People with Down syndrome, which is caused by the presence of an extra chromosome, often have mild to moderate mental retardation, congenital heart defects, and an increased risk for certain diseases, according to the National Down Syndrome Society (NDSS). Those with the syndrome can live full, productive, and happy lives with help from modern medicine and quality educational programs.

"People with Down syndrome are people first," insists the NDSS on its web site. They "have the same emotions and needs as their peers and deserve the same opportunities."

But prejudice and fear against those with Down syndrome are still very common. "Identification and selective abortion of Down syndrome pregnancies raise important ethical concerns," according to the National Institutes of Health's Guide to Clinical Preventive Services. "These concerns include the implicit message that Down syndrome is an undesirable state, the interpretation of induced abortion in eugenic terms by some persons, and societal and economic pressures that may stigmatize families with a Down syndrome member."

The drive to find new and better diagnostic tools that usually lead to the deaths of unborn babies with Down syndrome does nothing to alleviate such concerns.

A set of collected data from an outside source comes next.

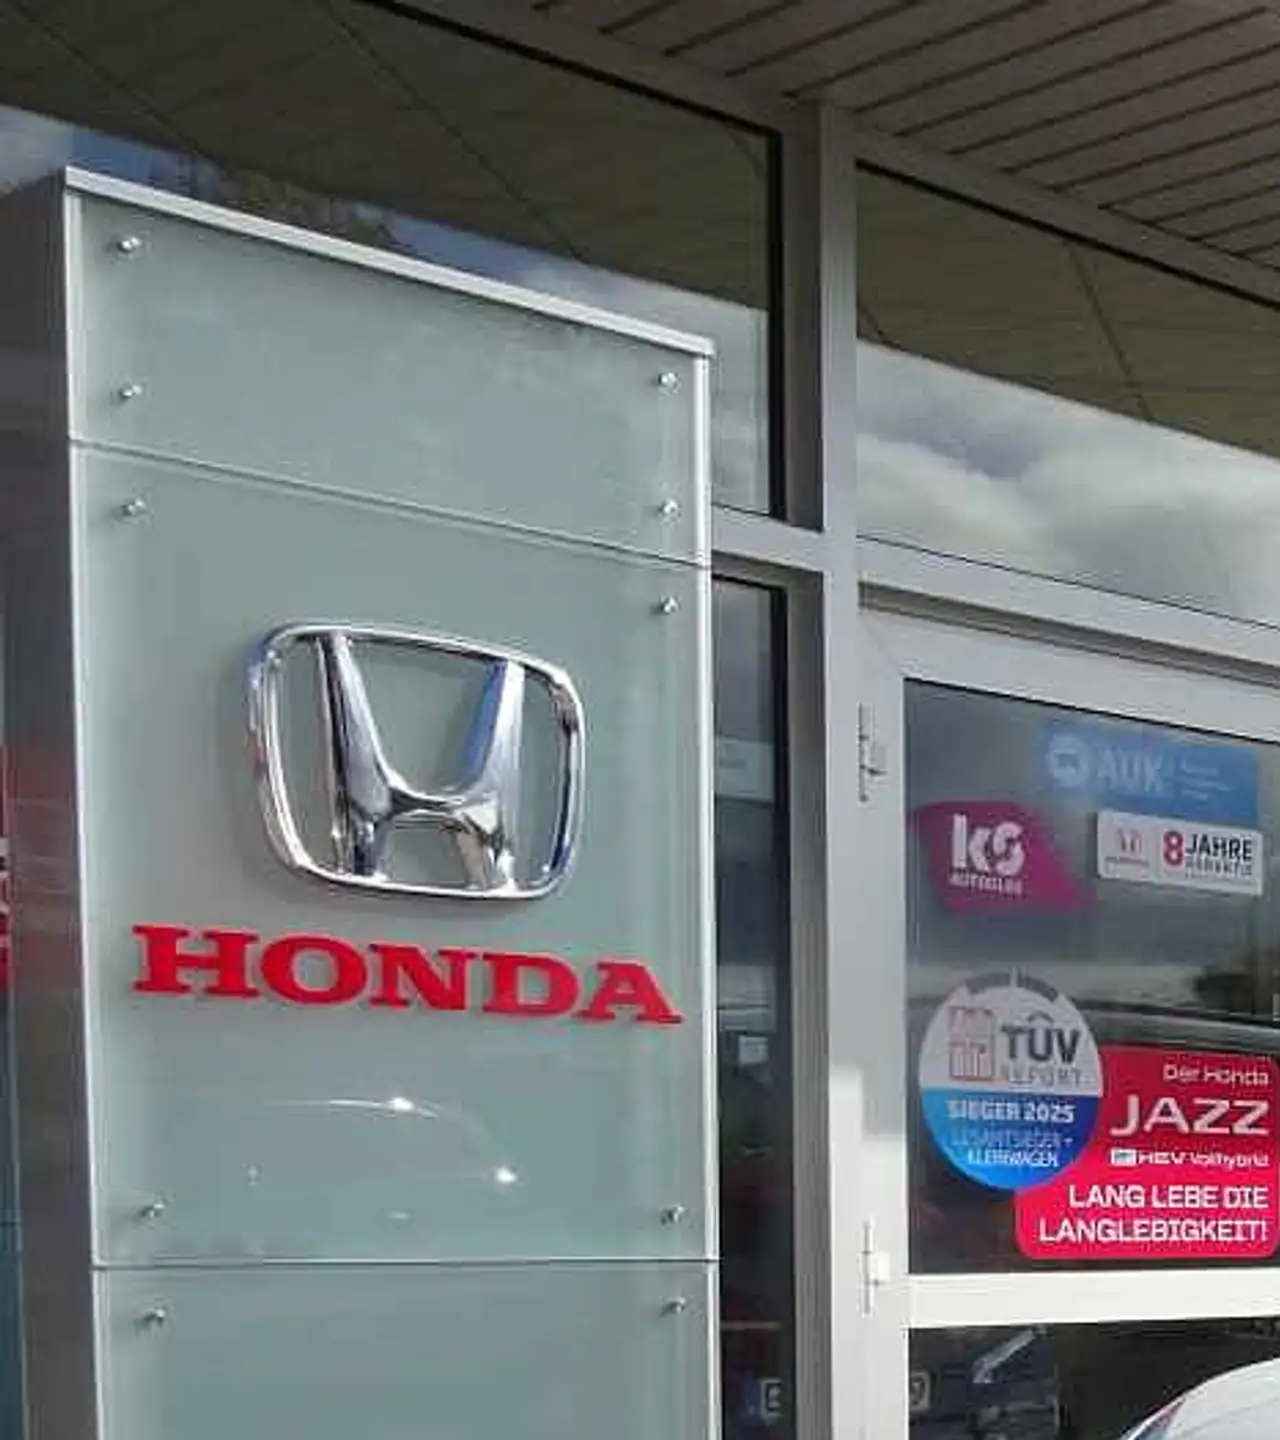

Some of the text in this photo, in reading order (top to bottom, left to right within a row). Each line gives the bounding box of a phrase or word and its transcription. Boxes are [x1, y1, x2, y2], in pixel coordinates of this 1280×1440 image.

[1162, 830, 1253, 867] 8 JAHRE
[132, 924, 687, 1025] HONDA
[1001, 1011, 1081, 1064] TÜV
[1163, 1064, 1270, 1086] Der Honda
[947, 1099, 1077, 1124] SIEGER 2025
[1109, 1094, 1271, 1137] JAZZ
[1069, 1185, 1270, 1209] LANG LEBE DIE
[1039, 1217, 1268, 1243] LANGLEBIGKEIT!

The JAMA report analyzed studies concerning the use of second- trimester ultrasound tests that looked for physical "markers" thought to indicate the presence of Down syndrome. The markers included "a shaded area suggesting a thickening at the back of the neck" (or nuchal fold); "certain brain cysts; shortened thigh and upper-arm bones; bright spots on the bowel or heart; and high fluid levels in the kidneys," according to the Associated Press.

If any of these markers were found during the ultrasound examination, the pregnant woman would be encouraged to undergo further testing, usually an amniocentesis or chronic villus sampling. Both of these tests, which remove amniotic fluid or cells directly from the mother's womb, carry a real risk of miscarriage.

The report authors, led by Dr. Rebecca Smith-Bindman of the University of California at San Francisco, found that only one marker, a thickened nuchal fold, had even a slight amount of accuracy in predicting the presence of Down syndrome. There were many examples of false positives, cases in which the markers suggested the presence of Down syndrome but subsequent tests showed that the unborn child did not have the syndrome. If the ultrasound markers are used, the study authors wrote, "there will be inevitable losses of unaffected fetuses as a complication of amniocentesis."

"The markers, by themselves, aren't worth a whole lot," Smith- Bindman told the San Jose Mercury News. "They're very common, and we currently make a lot of decisions based on them. We're artificially creating anxiety and fear when there doesn't deserve to be any."

Many other tools are used or being developed to identify unborn babies with Down syndrome. One is a "triple test," in which the mother's blood is drawn during the first trimester of pregnancy and tested for levels of alphafetoprotein and two other substances that indicate the presence of Down syndrome.

A study known as "FASTER," the First and Second Trimester Evaluation of Risk, is currently being conducted at New York University, according to Reuters Health. Researchers are comparing second-trimester screening tests with an ultrasound examination for nuchal fold thickening in the first trimester combined with a maternal blood test.

Thirteen medical centers in the United States are conducting a federally funded clinical trial on a similar test, called the First Trimester Maternal Serum Biochemistry and Fetal Nuchal Translucency Screening, WebMD Medical News reported.

Other researchers are developing a "non-invasive genetic test that samples fetal cells in the mother's blood to screen for Down syndrome, but the test is not yet ready," according to the Mercury News.

It is clear that this research will result in more unborn children with Down syndrome killed in the womb, rather than helping find a cure or assisting those with the syndrome to live more healthy and happy lives. Advocacy groups insist that devoting energy to live-giving research would make a real and lasting difference.

"Ensuring equal treatment and access to services is a struggle that every family of a child with Down syndrome faces," states the NDSS. "A greater understanding of Down syndrome and advancements in treatment of Down syndrome-related health problems have allowed people with Down syndrome to enjoy fuller and more active lives."